→ **Task directions**: From the line with "this 1280×1709 image." through the final line below, restate each line word for word and return nothing else.
** Opening Supplied entries block **
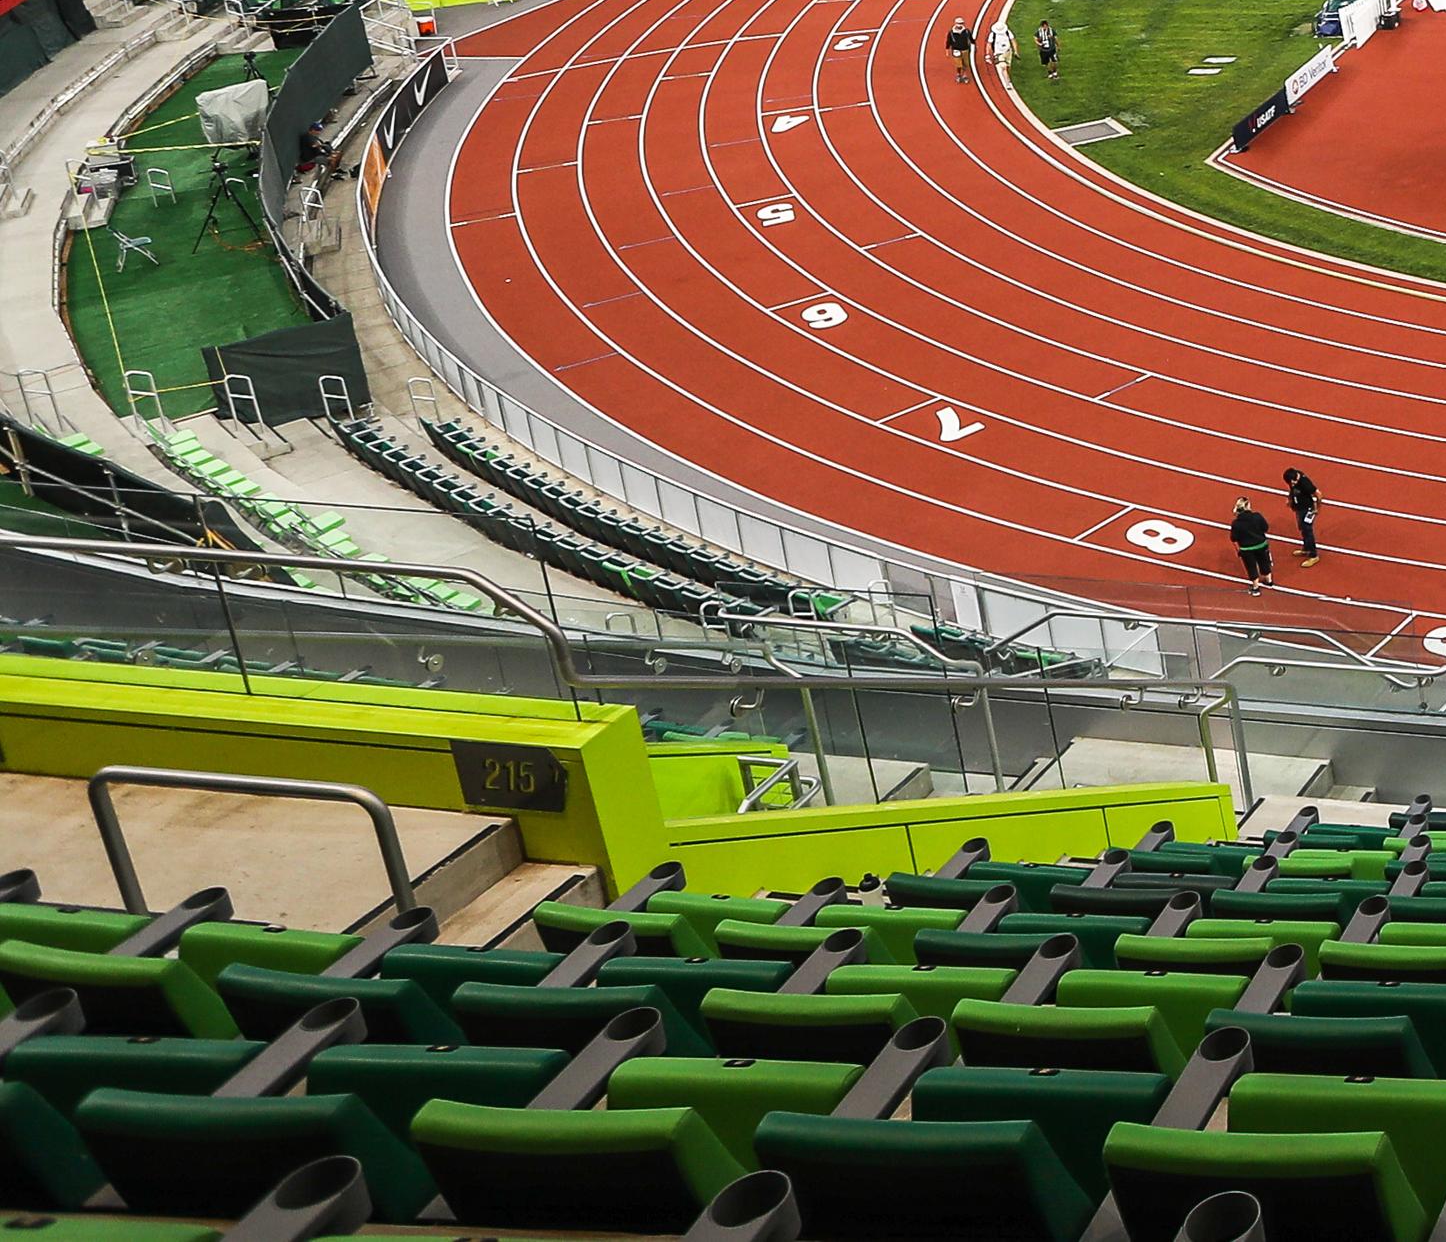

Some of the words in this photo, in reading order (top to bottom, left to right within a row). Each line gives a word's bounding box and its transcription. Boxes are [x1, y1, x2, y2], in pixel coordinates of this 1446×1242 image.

[833, 34, 870, 51] 3
[771, 114, 810, 134] 4
[1256, 105, 1276, 129] USATF
[756, 203, 796, 228] 5
[936, 405, 986, 443] 7
[1125, 518, 1195, 556] 8
[484, 758, 536, 793] 215
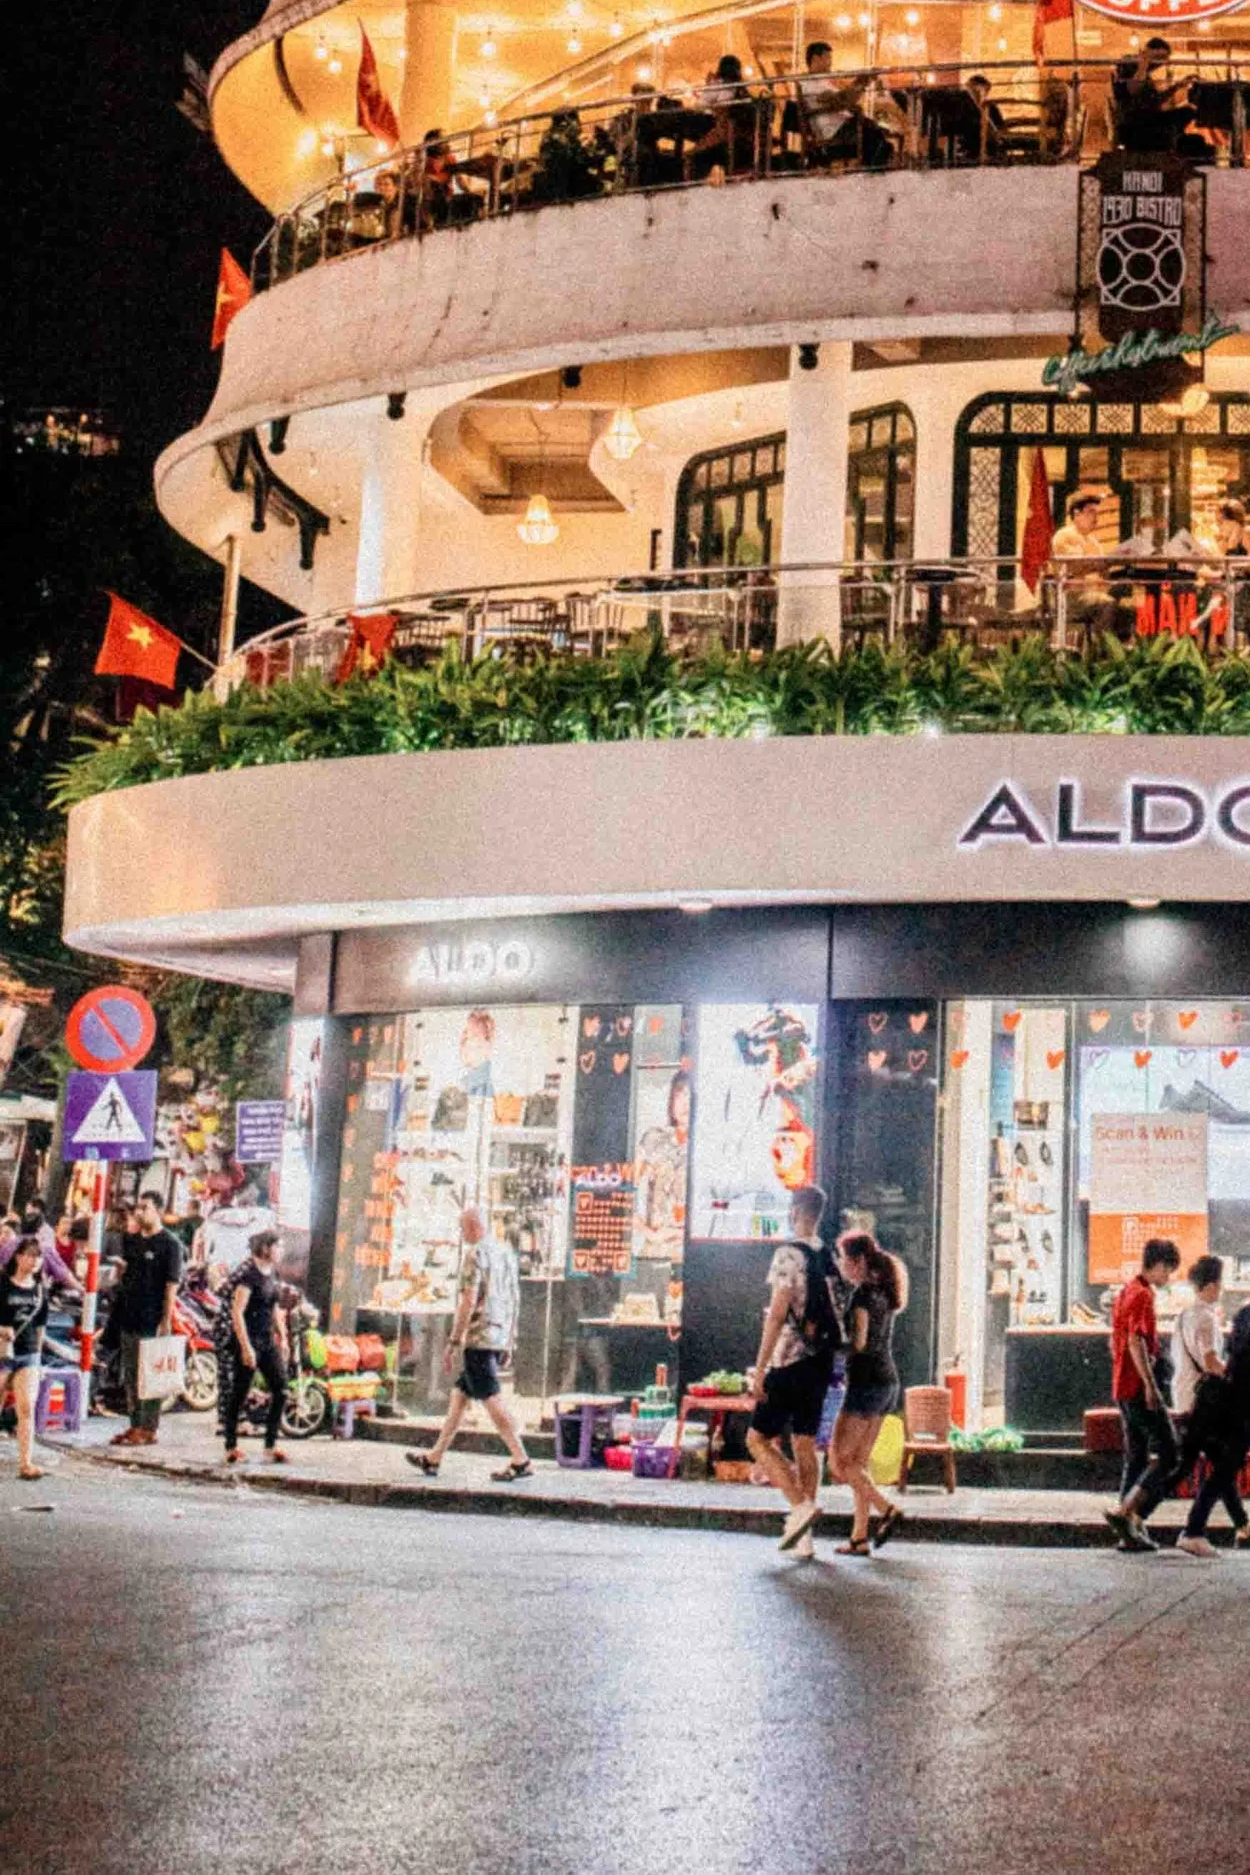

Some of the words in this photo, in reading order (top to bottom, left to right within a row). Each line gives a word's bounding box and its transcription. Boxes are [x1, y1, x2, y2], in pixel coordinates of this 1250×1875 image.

[1103, 195, 1132, 224] 1930
[1136, 195, 1182, 226] BISTRO
[405, 941, 533, 986] ALDO
[1095, 1126, 1134, 1140] Scan
[1153, 1125, 1184, 1141] Win
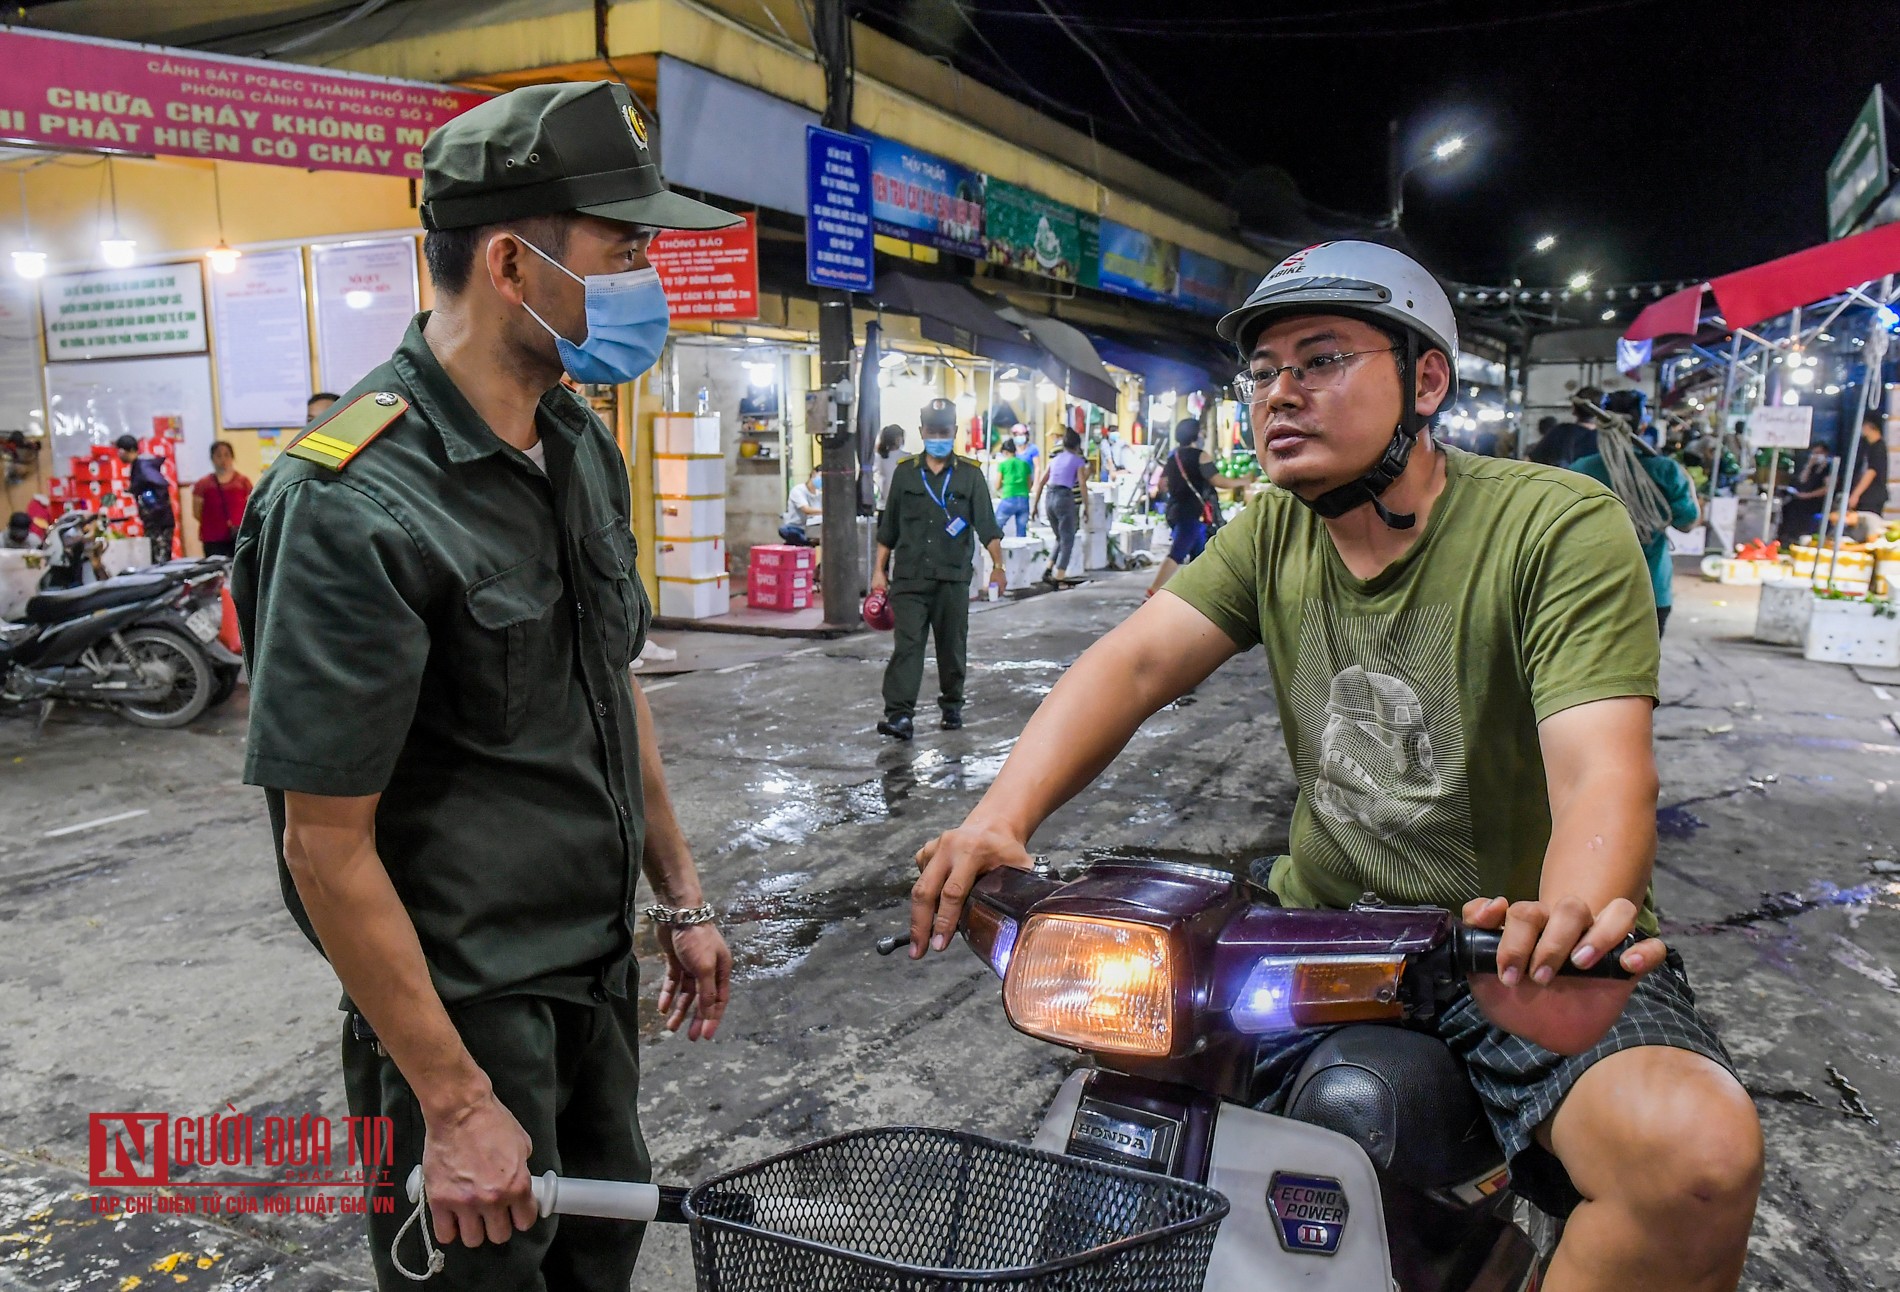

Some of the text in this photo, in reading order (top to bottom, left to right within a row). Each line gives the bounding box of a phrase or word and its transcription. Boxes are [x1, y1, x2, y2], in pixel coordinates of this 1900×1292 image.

[147, 58, 459, 110] CẢNH SÁT PC&CC THÀNH PHỐ HÀ NỘI
[47, 87, 154, 118] CHỮA
[166, 102, 260, 130] CHÁY
[272, 113, 386, 143] KHÔNG
[181, 82, 245, 100] PHÒNG
[250, 90, 298, 107] CẢNH
[303, 97, 335, 110] SÁT
[340, 101, 396, 117] PC&CC
[400, 107, 422, 121] SỐ
[39, 113, 141, 143] PHÁT
[154, 126, 240, 154] HIỆN
[251, 137, 297, 159] CÓ
[308, 143, 393, 167] CHÁY
[658, 236, 723, 249] THÔNG BÁO
[1077, 1123, 1146, 1151] HONDA
[1281, 1187, 1337, 1206] ECONO
[1284, 1203, 1344, 1222] POWER
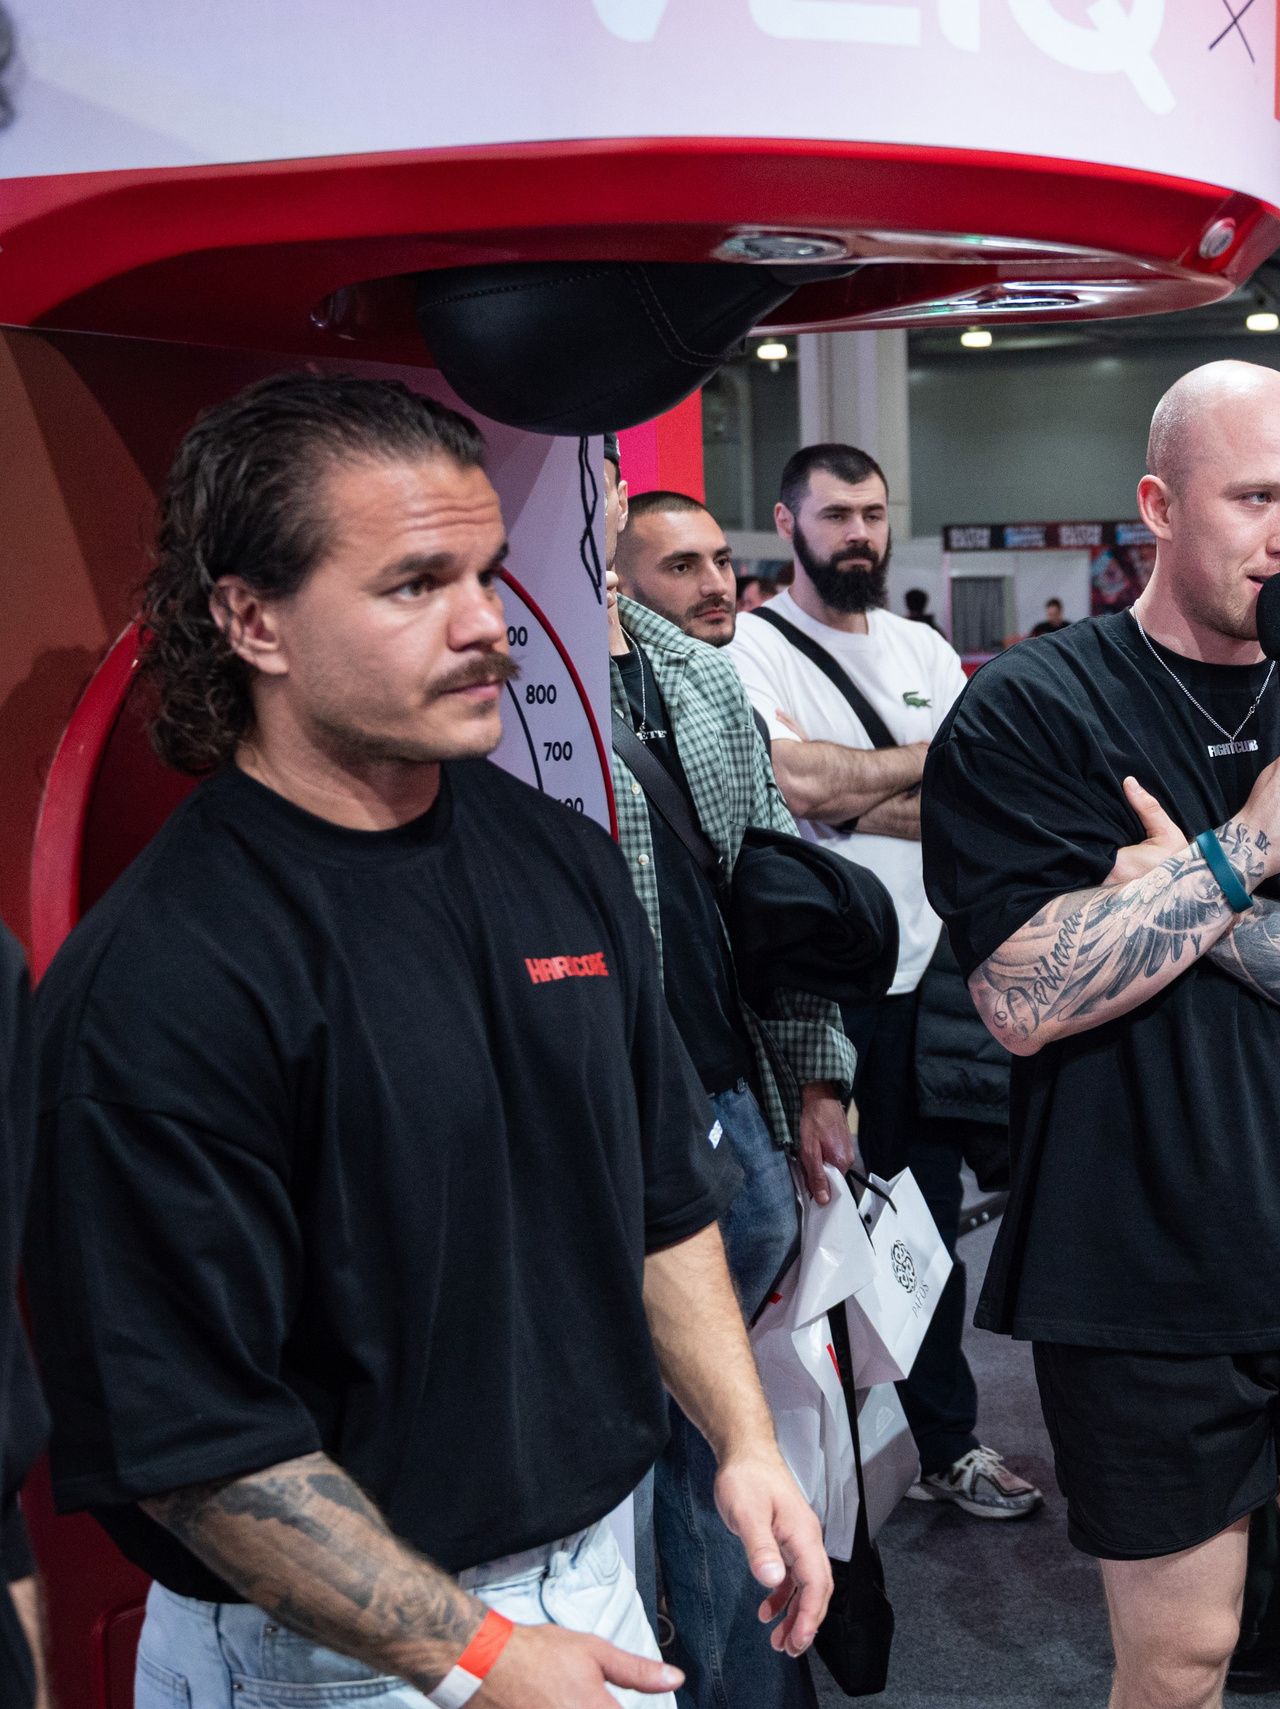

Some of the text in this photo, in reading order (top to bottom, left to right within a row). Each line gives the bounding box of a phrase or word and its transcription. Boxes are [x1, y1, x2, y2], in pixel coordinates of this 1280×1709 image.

[507, 626, 528, 647] 00
[525, 684, 557, 704] 800
[543, 741, 573, 761] 700
[911, 1280, 930, 1319] PAFOS
** Closing Supplied entries block **
→ **Answer box**:
Some of the text in this photo, in reading order (top to bottom, left to right within a row). Each line gives the bounding box of a phrase or word and its transcription. Boxes are [x1, y1, x2, y2], in pixel coordinates of this 1280×1709 image.

[507, 626, 528, 647] 00
[525, 684, 557, 704] 800
[543, 741, 573, 761] 700
[911, 1280, 930, 1319] PAFOS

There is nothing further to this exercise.